I have considered the submissions of Counsel and the decisions cited.  There is no doubt that the appellant pleaded guilty to the offence and was convicted in her own plea.  The court called for a probation Officer’s report.  The Probation Officer reported that the Chief had indicated that the appellant was a notorious brewer of illicit brew in the locality and that therefore a non-custodial sentence would not act as deterrent.  However, so far as the prosecution were concerned that the appellant was a first offender.  Despite the recommendation of the Probation Officer, it is the Magistrate who has the discretion to consider which sentence to mete on the appellant.  The Alcoholic Drinks Control Act provides the punishment to be meted out on an offender and the spirit of the Act seems to be that sentence will be in the form of fine and in default, imprisonment.  Section 62 provides a general penalty of fine in default, imprisonment.  The court should have considered that the appellant was found with an alcoholic drink called muna whose effects are not serious.  She had only ½ litre of chang’aa.   It is my view that the appellant should have been given an option of fine in default custodial sentence.  I find that the court acted harshly and in error considering all the above factors.
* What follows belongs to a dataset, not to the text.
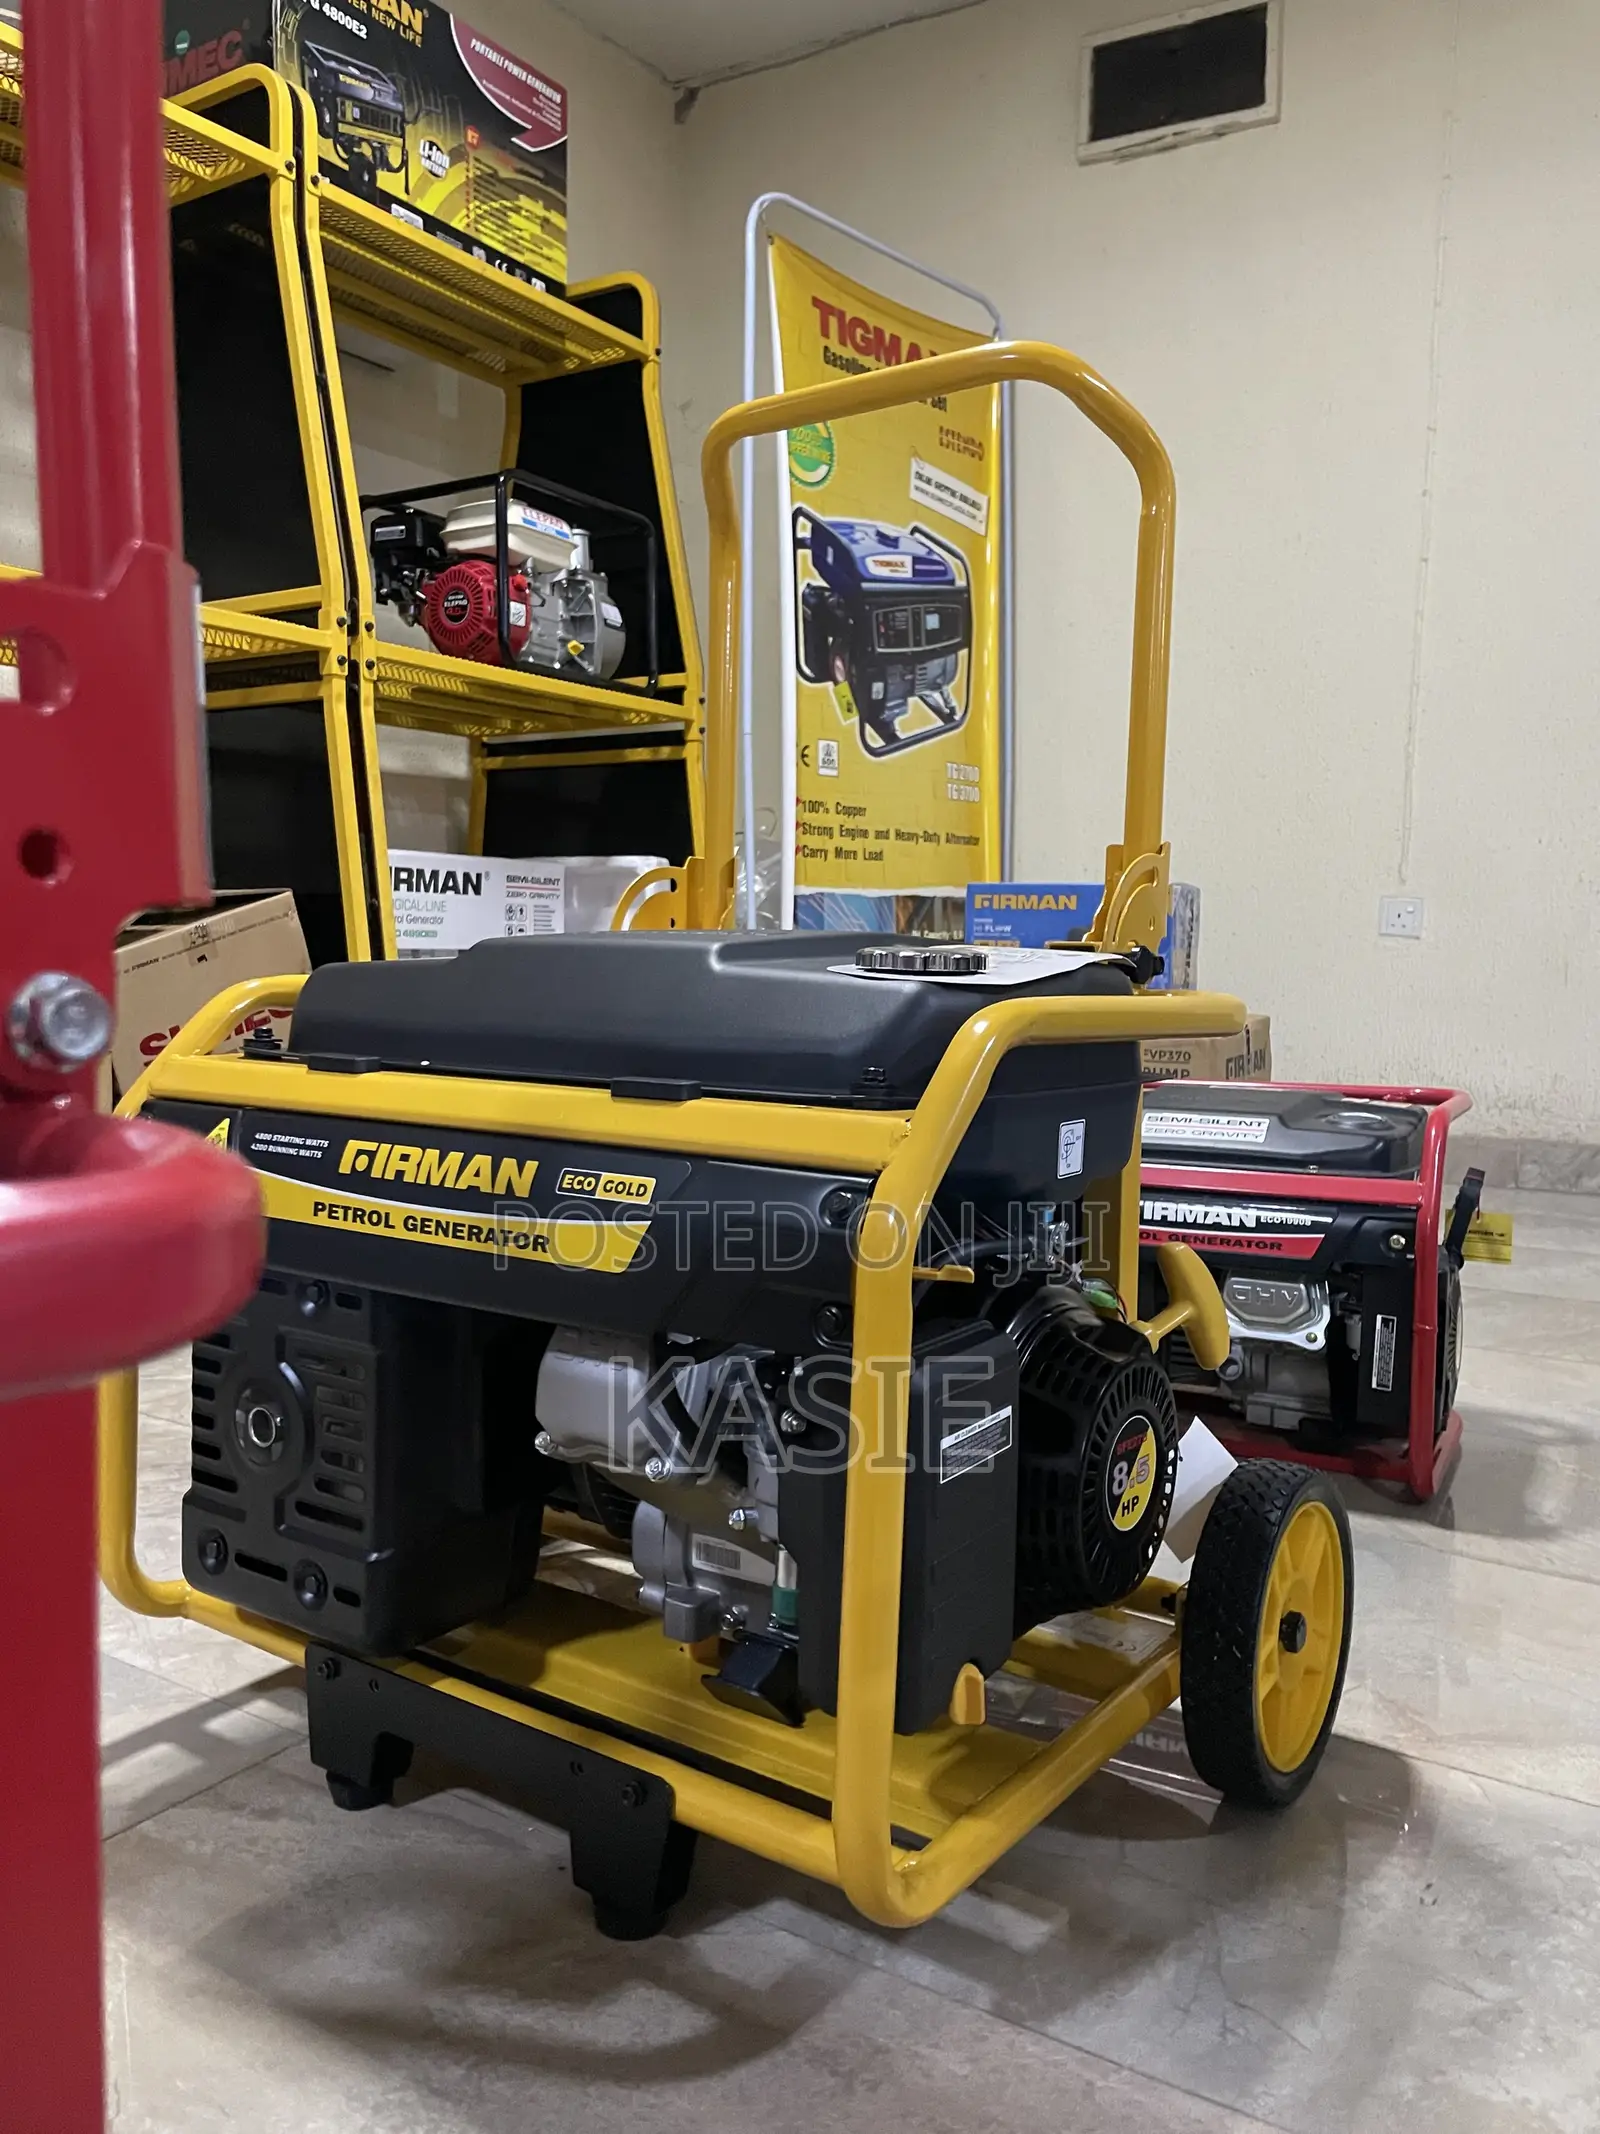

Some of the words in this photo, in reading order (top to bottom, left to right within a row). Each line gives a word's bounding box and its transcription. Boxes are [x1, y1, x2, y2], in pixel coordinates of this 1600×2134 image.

In the end, I find merit in the appeal and allow it.  The appellant was sentenced on 24/5/2016.  So far, she has served 5 months imprisonment.  This court will exercise its discretion and sentence the appellant to the term already served and I direct that she should be released forthwith unless otherwise lawfully held.

DATED, SIGNED AND DELIVERED THIS 7TH DAY OF OCTOBER, 2016.